* **Task to carry out**
Could you return the full listing below exactly as it appears?

* **Data for this exercise**
◇ ◇ ◇ ◇ ◇ ◇ ◇
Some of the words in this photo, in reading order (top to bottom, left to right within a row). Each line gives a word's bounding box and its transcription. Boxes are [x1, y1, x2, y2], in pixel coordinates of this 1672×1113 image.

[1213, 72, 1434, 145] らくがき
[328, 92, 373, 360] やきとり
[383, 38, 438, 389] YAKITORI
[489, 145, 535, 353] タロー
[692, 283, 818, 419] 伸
◇ ◇ ◇ ◇ ◇ ◇ ◇
* **Task result**
Some of the words in this photo, in reading order (top to bottom, left to right within a row). Each line gives a word's bounding box and its transcription. Boxes are [x1, y1, x2, y2], in pixel coordinates of this 1672×1113 image.

[1213, 72, 1434, 145] らくがき
[328, 92, 373, 360] やきとり
[383, 38, 438, 389] YAKITORI
[489, 145, 535, 353] タロー
[692, 283, 818, 419] 伸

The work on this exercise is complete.